Randy Rasa programmed a shareware package in 1999 called Idiot's Delight, with four different variations. In addition to the standard (Hardest) version, which Rasa estimated at a 1 in 20 win rate, there is a Hard version where a card may be removed if the card directly below it is of the same suit and higher rank (he estimates this increases the win rate to 1 in 10) -- this is the overlap discard which we also see in variants of Nestor which are unrectified, and can also be used in Pyramid, Fourteen Out, Baroness, etc.  There is also an Easy version where uncovered aces can be moved onto any other card except another ace (in addition to the Hard removal rule); the win rate is estimated at 1 in 4. In the Easiest version (1 in 2), pairs can be discarded. I do not know at present how much the rules allowing pairs to be discarded help in either Solitaire King or Idiot's Delight.

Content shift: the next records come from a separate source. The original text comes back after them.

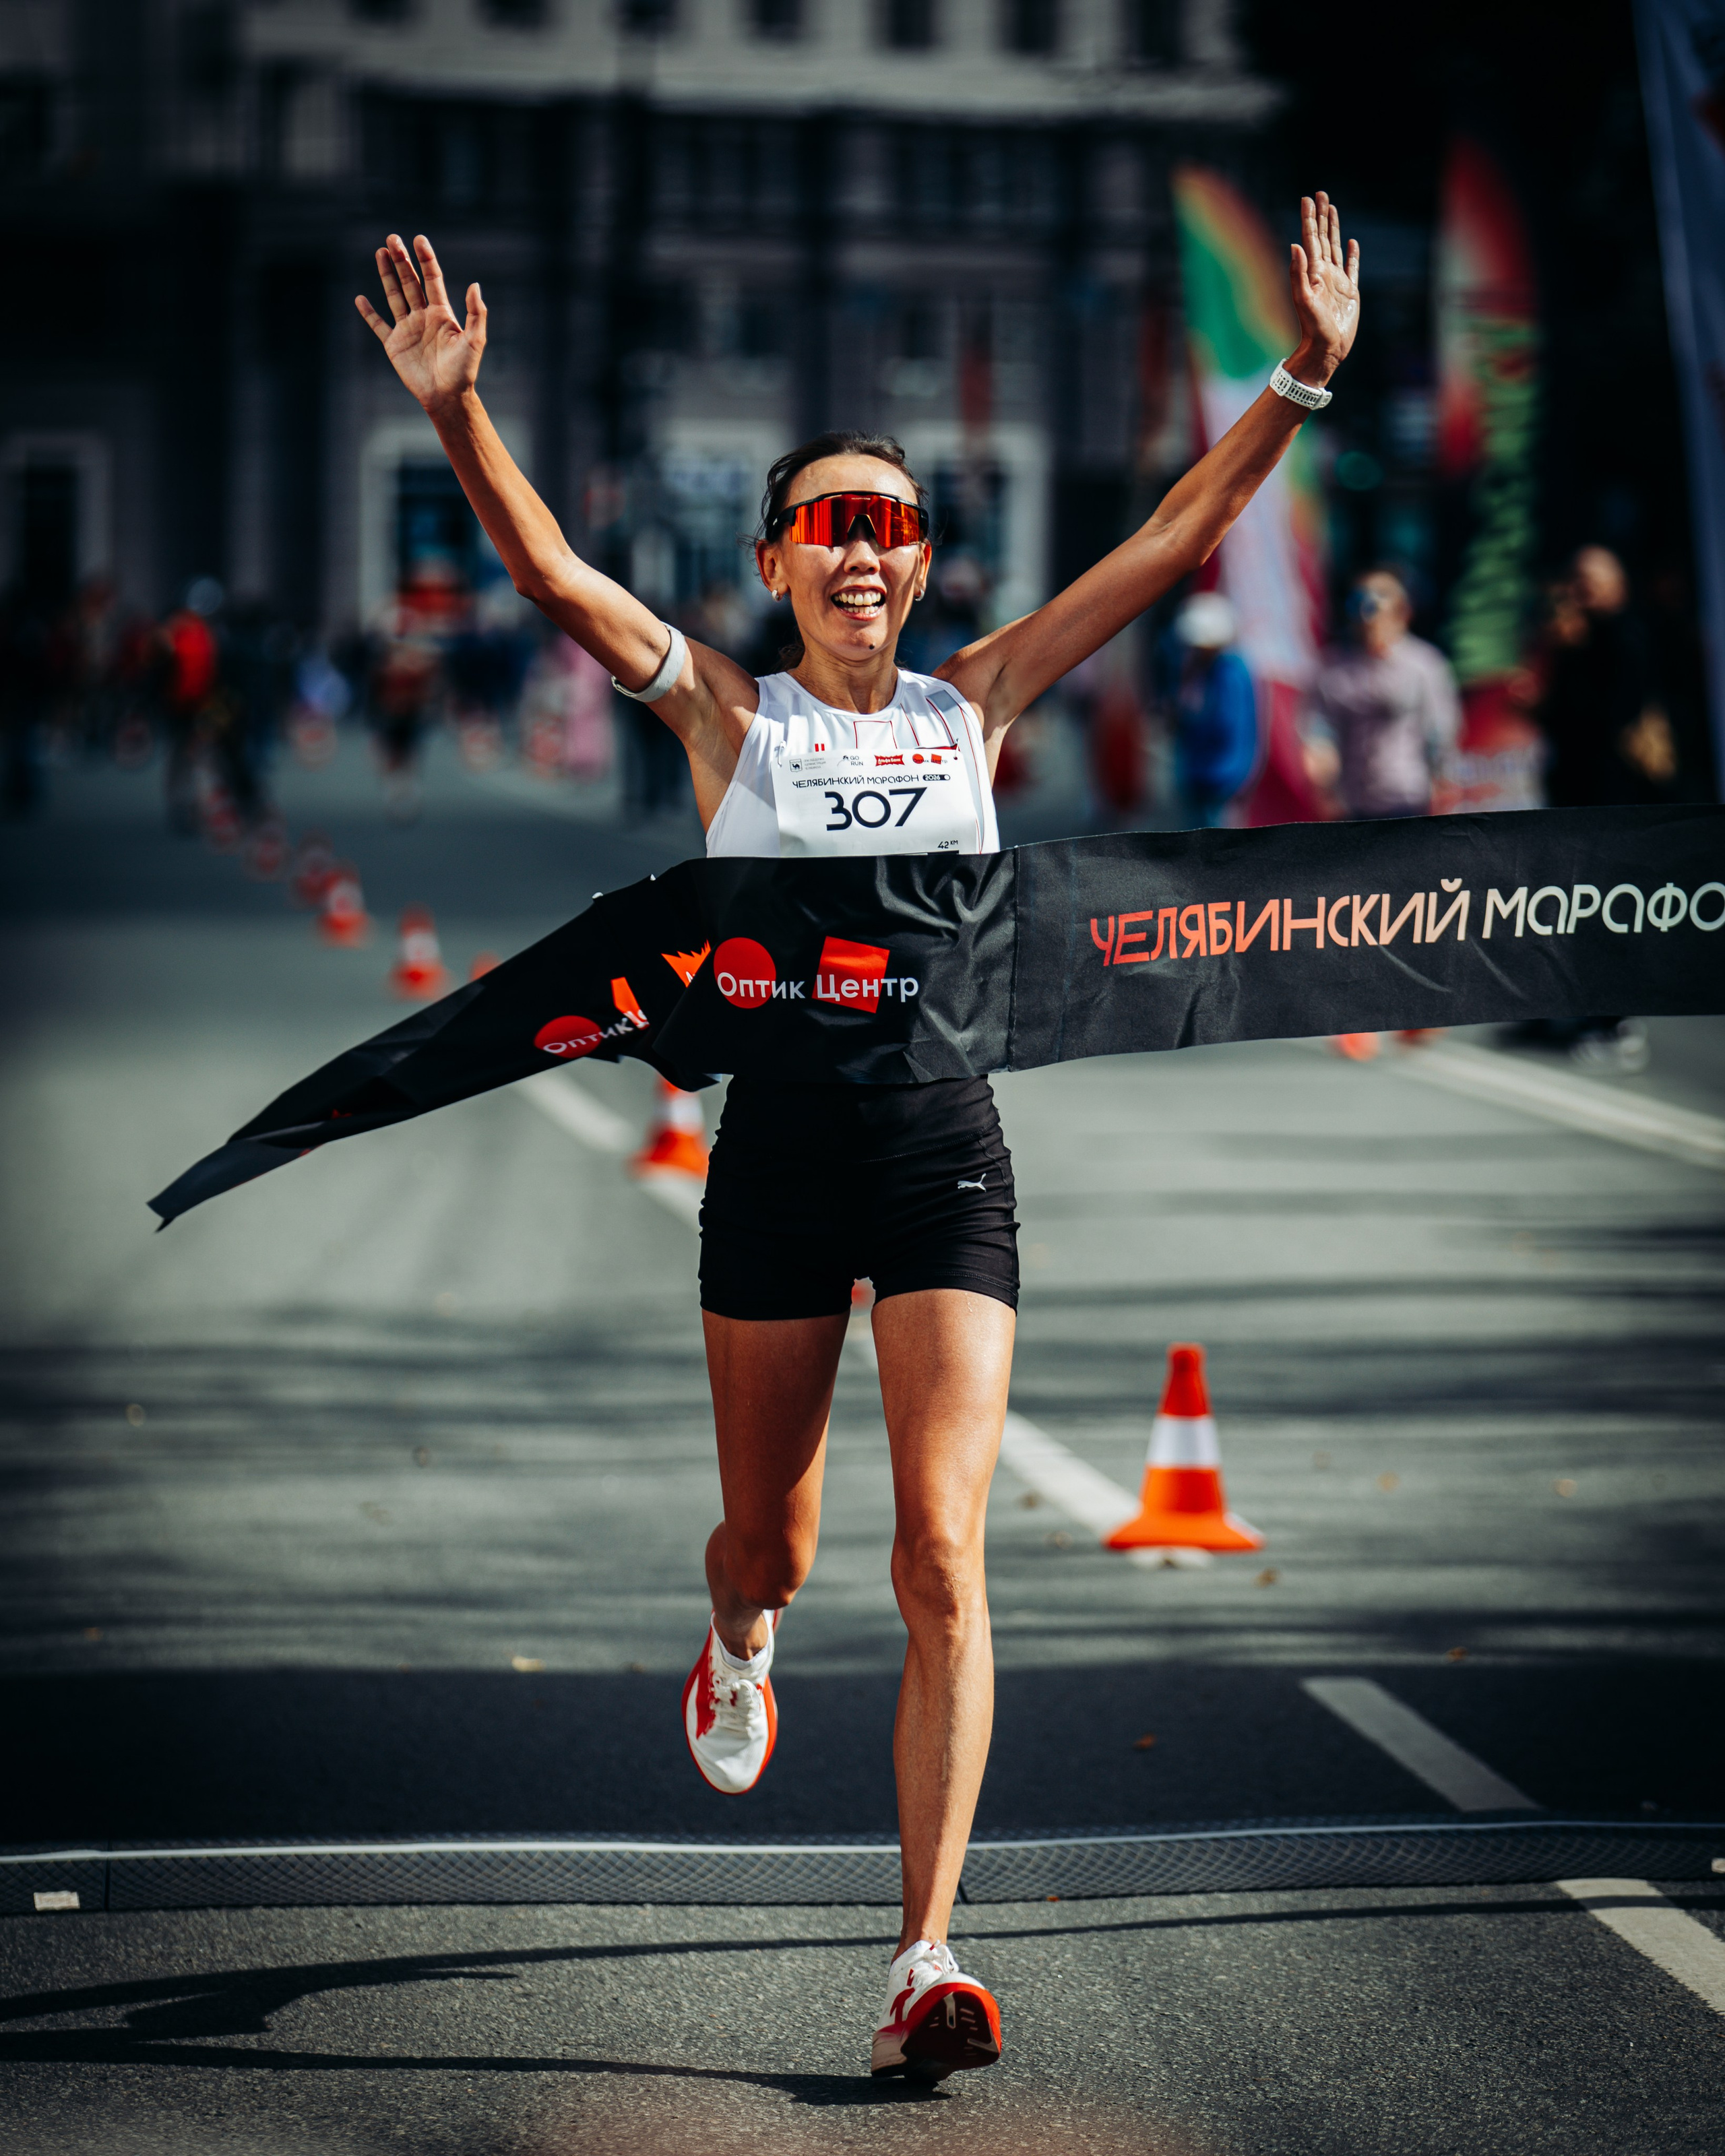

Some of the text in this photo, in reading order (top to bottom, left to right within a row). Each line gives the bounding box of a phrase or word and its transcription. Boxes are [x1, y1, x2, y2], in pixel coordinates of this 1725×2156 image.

[792, 775, 865, 788] ЧЕЛЯБИНСКИЙ
[867, 774, 919, 785] МАРАФОН
[824, 787, 928, 831] 307
[937, 841, 949, 849] 42
[1089, 877, 1472, 966] ЧЕЛЯБИНСКИЙ
[717, 972, 805, 999] Оптик
[816, 974, 918, 1002] Центр
[542, 1017, 634, 1054] Оптик
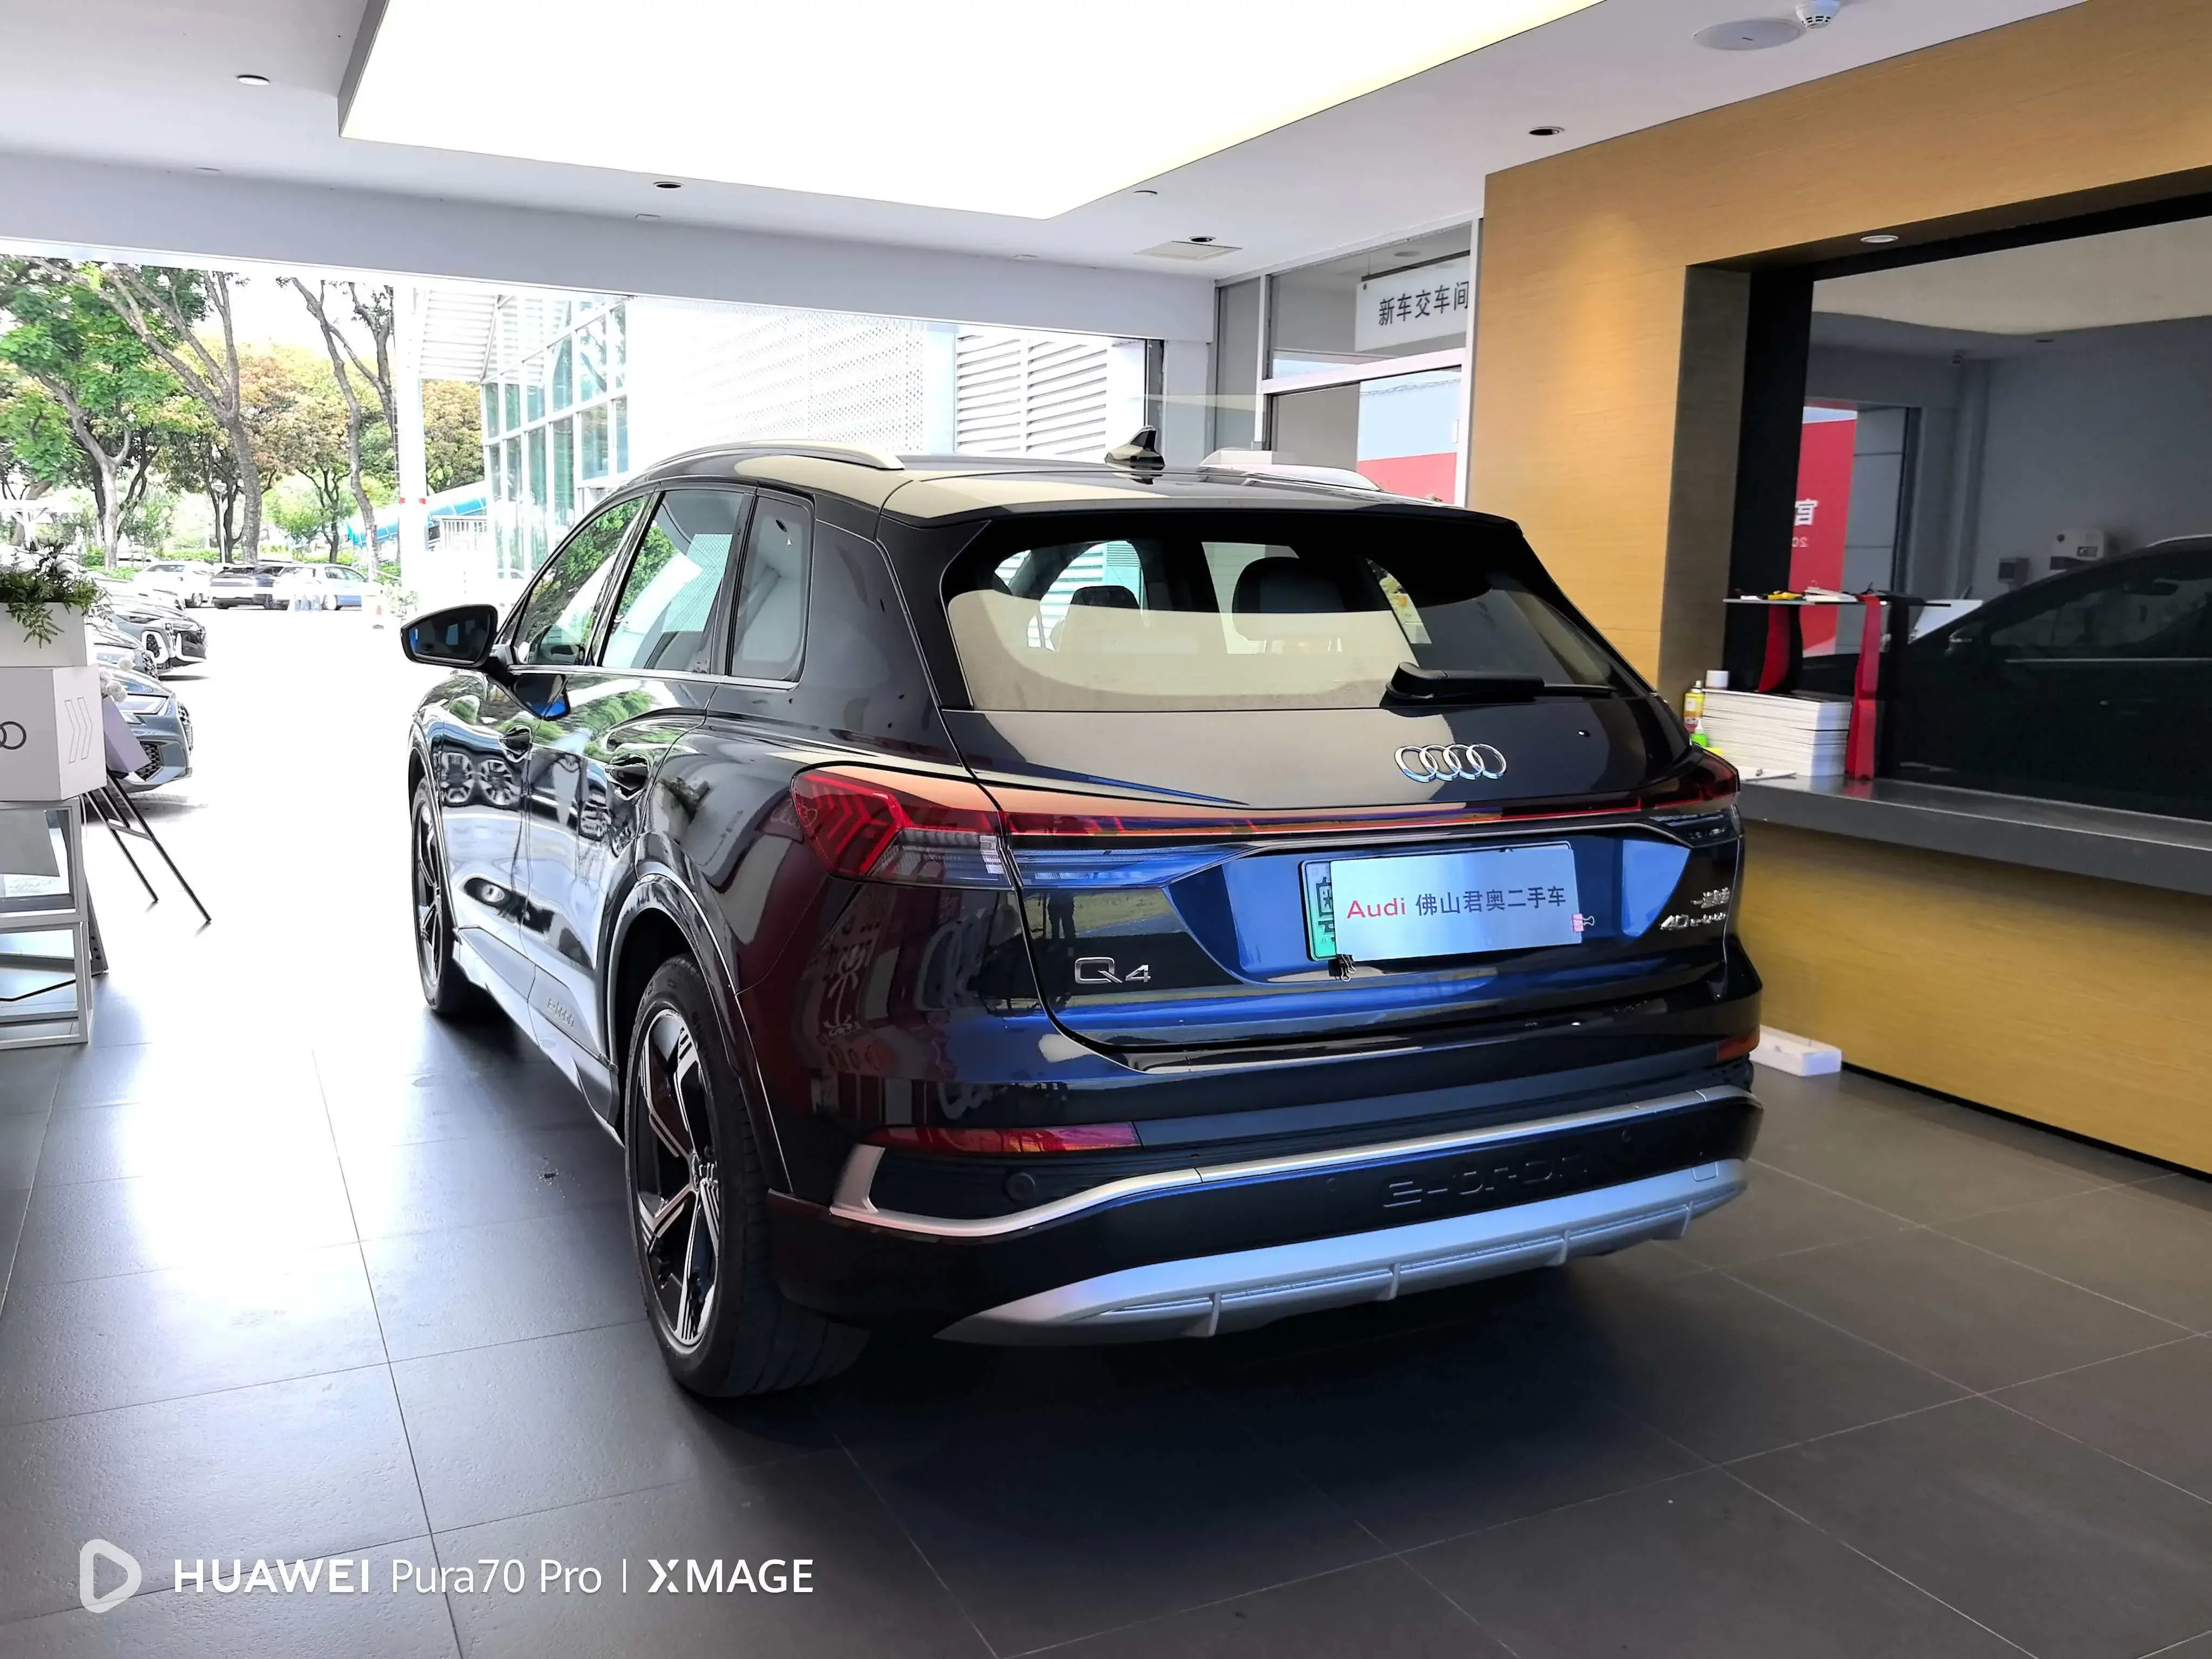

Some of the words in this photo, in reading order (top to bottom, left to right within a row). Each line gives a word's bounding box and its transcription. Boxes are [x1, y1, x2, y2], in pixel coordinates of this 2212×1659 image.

[1379, 281, 1469, 326] 新车交车间
[1347, 897, 1406, 919] Audi
[1415, 885, 1567, 916] 佛山君奥二手车
[1074, 956, 1151, 983] Q4

An entertaining version is Aces Up by Pogo Games (available for play online only, as part of the paid service Pogo's Club). This has a theme of World War I fighter pilots. There are two interesting rules here: each ace dealt can be moved (once) anywhere, even from occupied column to occupied column, and any ace which is moved to an empty column gives the player a Flying Ace, a picture of a pilot which can be used to remove any card later in the same deal (unused Flying Aces cannot be saved for the next deal, but allow the player to advance more rapidly to the next game rank). The special rules for aces increase the win rate to over 50 percent.

Five and six-suited decks

Aces Up is a somewhat better game with a deck of five or six suits (and dealt to five or six columns respectively). A five-suited deck reduces the odds of a flash to about 4.5%, and a six-suited deck to about 1.88%. A five-suited version under the name 5 Kings Up (credited there to John M. Feeney, with kings high and aces low) appeared in Dan Reed's 2001 program Solo, perhaps the first solitaire program allowing players to add their own games. This also seems to have disappeared from the Internet, though I still have a copy. I have now implemented options for up to eight suits (and columns) for the Solitaire Virtuoso program. The diagram below shows a sample six-suited deal, number 75848, which plays automatically to a blocked position with 18 cards left. It reaches a flash position quickly and no plays are possible except automatic discards and deals from the stock. The versions with more suits give the player more decisions to make, but there is even less hope of a win if the aces all come out early (the AOTE rule would work well here).

75848

I also tried a double-deck version with eight columns and four suits, with two aces of each suit.   This actually doesn't work well -- it is too easy, with a win rate probably over 99%.  So far I have found only one deal in several hundred tries, 61149, which loses.  Most deals play out automatically to a win with Autoplay turned on, and few deals require more than one trivial click.

Baroness and Foxfire 13

A game distantly related to Aces Up is Baroness, also known (boringly and not very descriptively) as Five Piles. This is dealt in a manner similar to Aces Up, but with five columns instead of four. Kings, and duos of cards adding to 13 (as in Pyramid) may be discarded if they are uncovered. When all possible (or desired) discards have been made, five new cards are dealt and new discards made. The last two cards are turned over separately as a reserve. Baroness is a game which blocks very easily, and has an even lower win rate and skill factor than the standard Aces Up. A better game can be played simply by increasing the number of columns from five to six, or even seven. But Todd Svec and Randy Rasa devised an improved version called Foxfire 13 in 1994 for the House of Cards BBS, by adding the Aces Up rule that any uncovered card can be moved to an empty column. This was originally a DOS program, later reprogrammed for Windows. An optional rule allowed a card to be discarded if it was covering a higher card which made a pair adding to 13 (the overlap discard we mentioned earlier).  Solitaire Virtuoso includes Baroness, allows for variable numbers of columns, and optionally permits overlap discards.